A violência homicida como política de segurança pública no Rio não é novidade. Estatísticas do ISP, órgão oficial fluminense, mostram que o número de mortes decorrentes de intervenção por agentes do Estado aumenta desde 2013. Atingiu o pico em 2019, primeiro ano no Palácio Guanabara do governador Wilson Witzel, ex-juiz federal que se elegeu na esteira do bolsonarismo com a promessa de “atirar na cabecinha” de criminosos. No ano passado, diante de nova escalada em plena pandemia, o PSB e um conjunto de organizações da sociedade civil apelaram ao Supremo Tribunal Federal com uma arguição de descumprimento de preceito fundamental da Constituição. A ADPF 635, em junho de 2020, recebeu decisão inédita do relator Edson Fachin, mais tarde referendada pelo plenário da Corte. Estavam suspensas as operações policiais em favelas durante a pandemia, salvo em casos de absoluta excepcionalidade.

Nos meses seguintes à decisão do STF, as operações no estado caíram à metade. O Grupo de Estudos dos Novos Ilegalismos (Geni-UFF) calculou que, em 2020, a letalidade policial diminuiu 34% em relação a 2019. Foi o menor número de mortes em 15 anos. Tudo isso sem prejuízo da tendência de queda nos crimes contra o patrimônio e contra a vida. Entretanto, desde outubro do ano passado, a determinação do STF passou a ser descumprida. Voltaram a crescer tanto o número de operações quanto o de mortos, quase sempre negros e favelados. Aumentaram também as ocorrências classificadas como chacinas (ações com três ou mais mortos). De janeiro a outubro, a Rede de Observatórios da Segurança contou 38, das quais 27 envolvendo operações policiais, que deixaram 128 mortos. O Instituto Fogo Cruzado mapeou 59 chacinas na Região Metropolitana neste ano, que terminaram com 245 vítimas fatais; 44, com 187 mortes, ocorreram em ações policiais.

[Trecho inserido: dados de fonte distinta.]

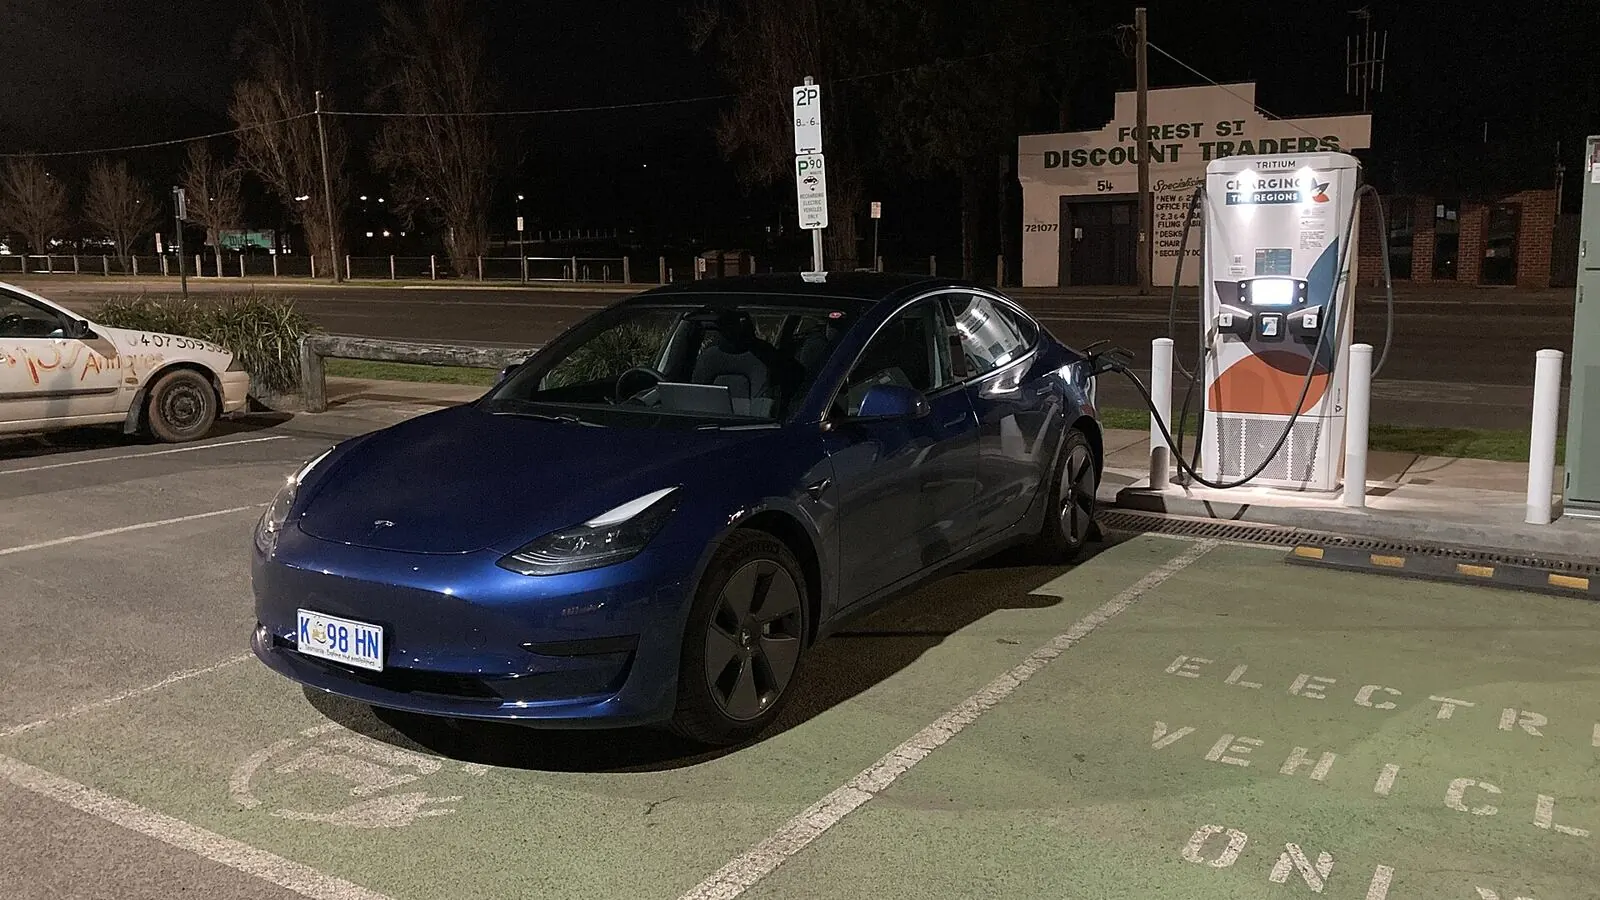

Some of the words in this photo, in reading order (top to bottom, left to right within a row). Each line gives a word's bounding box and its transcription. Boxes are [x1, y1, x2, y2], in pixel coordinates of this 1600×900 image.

[796, 89, 818, 106] 2P
[1044, 141, 1183, 169] DISCOUNT
[1199, 135, 1340, 161] TRADERS
[1256, 160, 1296, 169] TRITIUM
[1097, 180, 1114, 192] 54
[1226, 178, 1301, 191] CHRGIN
[1160, 194, 1176, 202] NEW
[1231, 194, 1249, 203] TH
[1254, 193, 1298, 202] REGIONS
[1156, 203, 1181, 212] OFFICE
[1024, 223, 1058, 233] 721077
[1157, 220, 1181, 229] FILING
[1160, 230, 1183, 238] DESKS
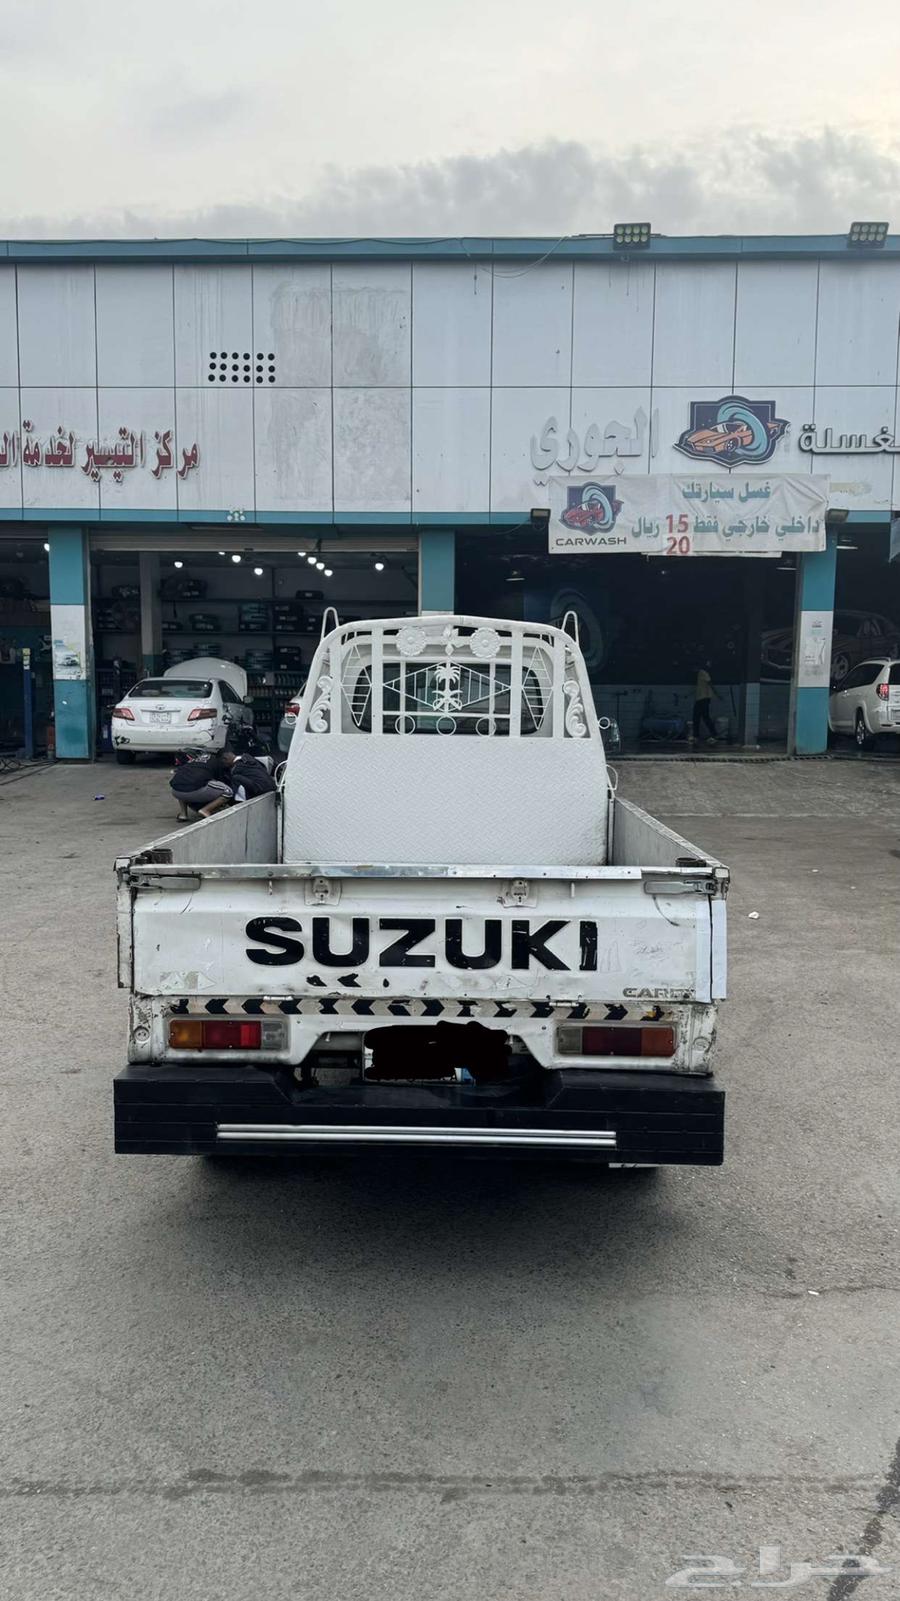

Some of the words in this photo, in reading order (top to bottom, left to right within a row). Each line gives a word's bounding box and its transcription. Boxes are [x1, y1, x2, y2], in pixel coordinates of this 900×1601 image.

[23, 419, 76, 467] لخدمة
[798, 423, 900, 455] غسلة
[81, 426, 145, 482] التيسير
[152, 430, 200, 480] مركز
[682, 481, 735, 504] سيارتك
[738, 481, 771, 503] غسل
[631, 516, 660, 538] ريال
[665, 513, 689, 534] 15
[693, 515, 719, 534] فقط
[722, 515, 770, 542] خارجي
[774, 515, 820, 541] داخلي
[555, 537, 627, 546] CARWASH
[666, 536, 690, 556] 20
[245, 916, 598, 971] SUZUKI

Logo após o massacre no Jacarezinho, os autores da ADPF 635 apelaram novamente ao Supremo. Denunciaram a desobediência das autoridades fluminenses e solicitaram que o Ministério Público estadual assumisse as investigações do episódio, o que aconteceu. No voto apresentado em maio passado, o ministro Fachin determinou a elaboração, pelo governo do Rio, de um plano de redução da letalidade policial, instalação de câmeras em viaturas e fardas, formação de um observatório judicial de polícia cidadã, com presença da sociedade civil.

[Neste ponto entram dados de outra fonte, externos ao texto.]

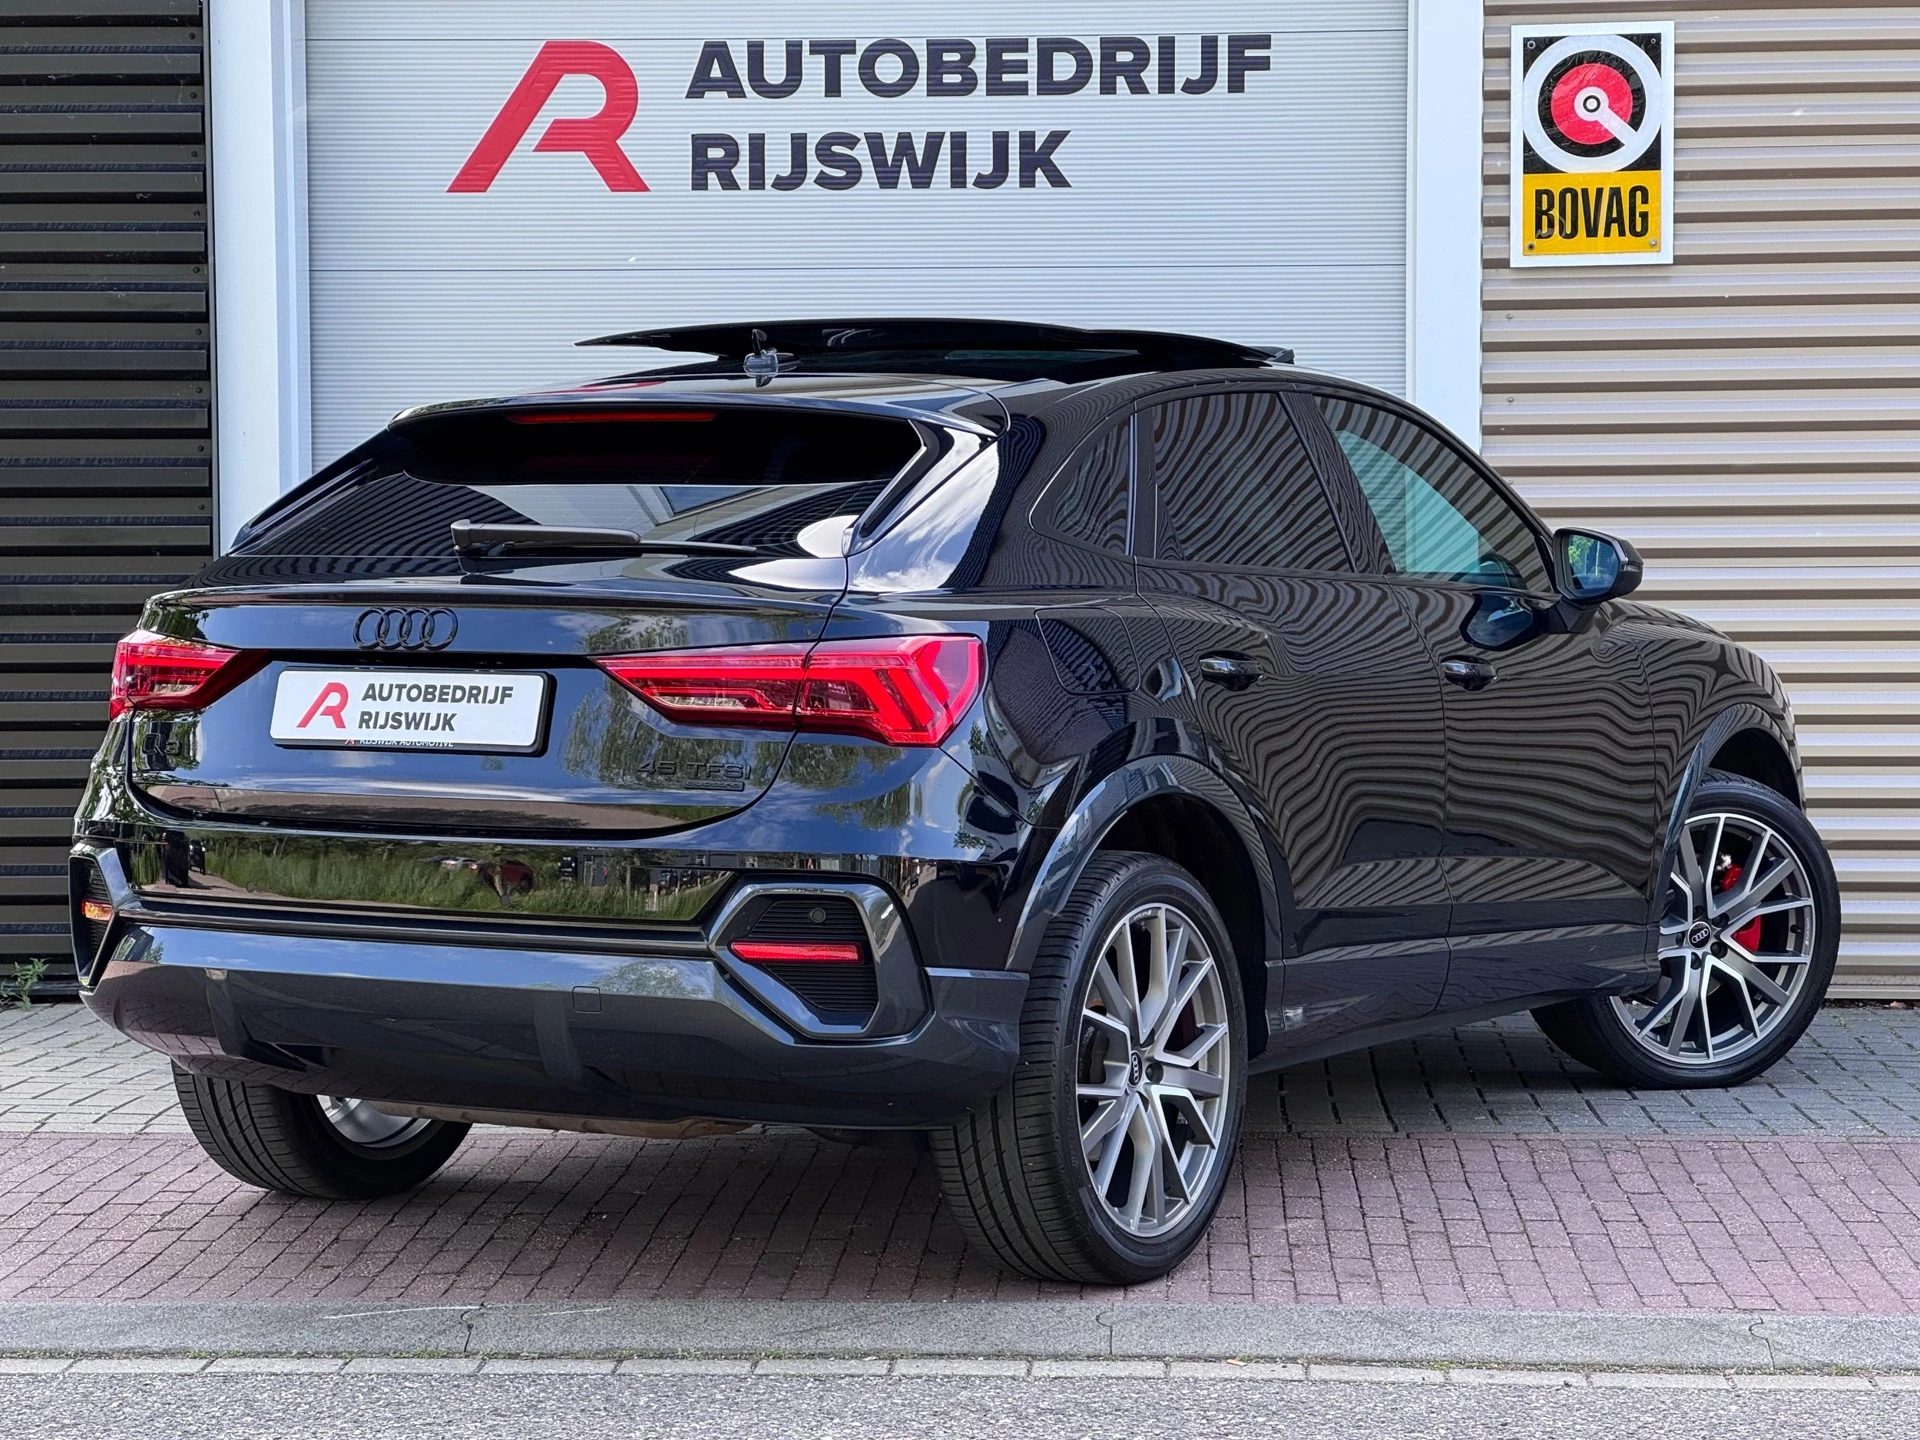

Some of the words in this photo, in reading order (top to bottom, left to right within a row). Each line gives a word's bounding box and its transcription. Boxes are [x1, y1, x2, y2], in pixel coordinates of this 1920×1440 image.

[685, 34, 1272, 99] AUTOBEDRIJF
[691, 130, 1073, 191] RIJSWIJK
[1534, 185, 1650, 240] BOVAG
[361, 683, 514, 705] AUTOBEDRIJF
[358, 711, 457, 732] RIJSWIJK
[637, 759, 677, 776] 45
[686, 761, 752, 780] TFSI
[685, 780, 742, 790] quattro

O julgamento foi suspenso pelo pedido de vista do ministro Alexandre de Moraes. Seria retomado ontem como primeiro item da pauta. Mas, na semana da chacina do Salgueiro, foi deslocado para sétimo tema, por decisão do ministro Luiz Fux, carioca, presidente do STF. Autores e amicus curiae, entre os quais a Defensoria Pública do Rio e as organizações Justiça Global, Conectas, CNDH, MNU, IBCCrim, encaminharam ofício solicitando sessão extra hoje ou retomada na semana que vem como prioridade. Fux anunciou então que a ADPF encabeçará a pauta da próxima quinta-feira, 2 de dezembro.

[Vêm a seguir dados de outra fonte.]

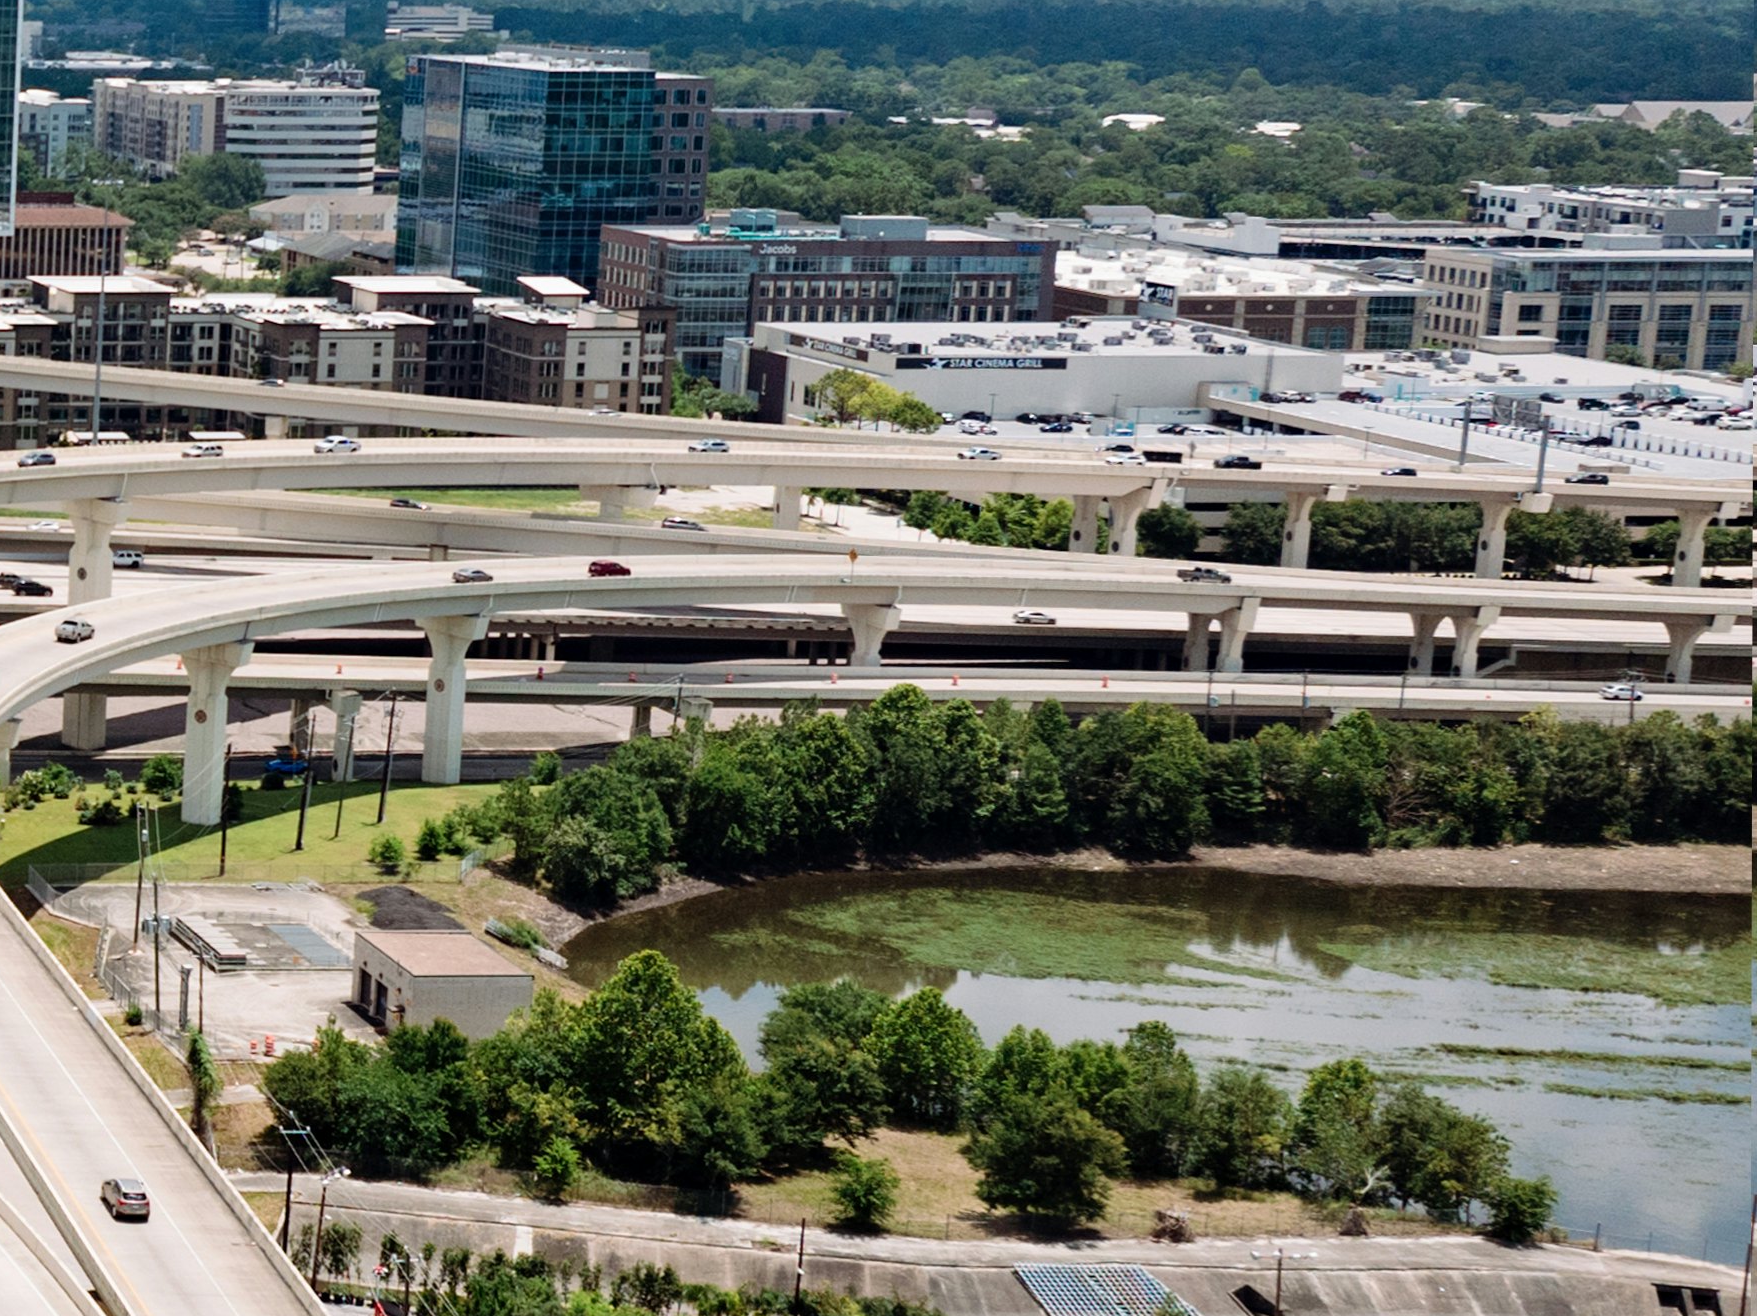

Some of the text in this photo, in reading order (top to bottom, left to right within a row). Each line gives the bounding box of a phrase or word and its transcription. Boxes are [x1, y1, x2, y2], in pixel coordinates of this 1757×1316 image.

[759, 243, 797, 255] Jacobs
[949, 358, 1043, 369] STAR CINEMA GRILL

A Defensoria do Rio também decidiu comunicar ao Ministério Público Federal o descumprimento da decisão do STF no episódio do Salgueiro. A cadeia de custódia das provas foi comprometida, porque evidências não foram preservadas. A PM não informou a Polícia Civil sobre a operação com mortos, a cena do crime foi alterada, não há testemunhas nem câmeras no local, armas não foram recolhidas, e a perícia só encontrou estojos. O objetivo de vingança pelo policial morto é indisfarçável, comentou uma fonte — aparece até no registro da ocorrência na Delegacia de Homicídios. Há denúncia de que os PMs usaram drone (de propriedade pessoal) para localizar os criminosos no mangue, cena que remete a “Bacurau”, filme de Kleber Mendonça Filho, sucesso de 2019. É barbárie em estado puro, que só produz luto. Nas mãos do STF, a esperança de um novo protocolo de atuação da polícia nas favelas.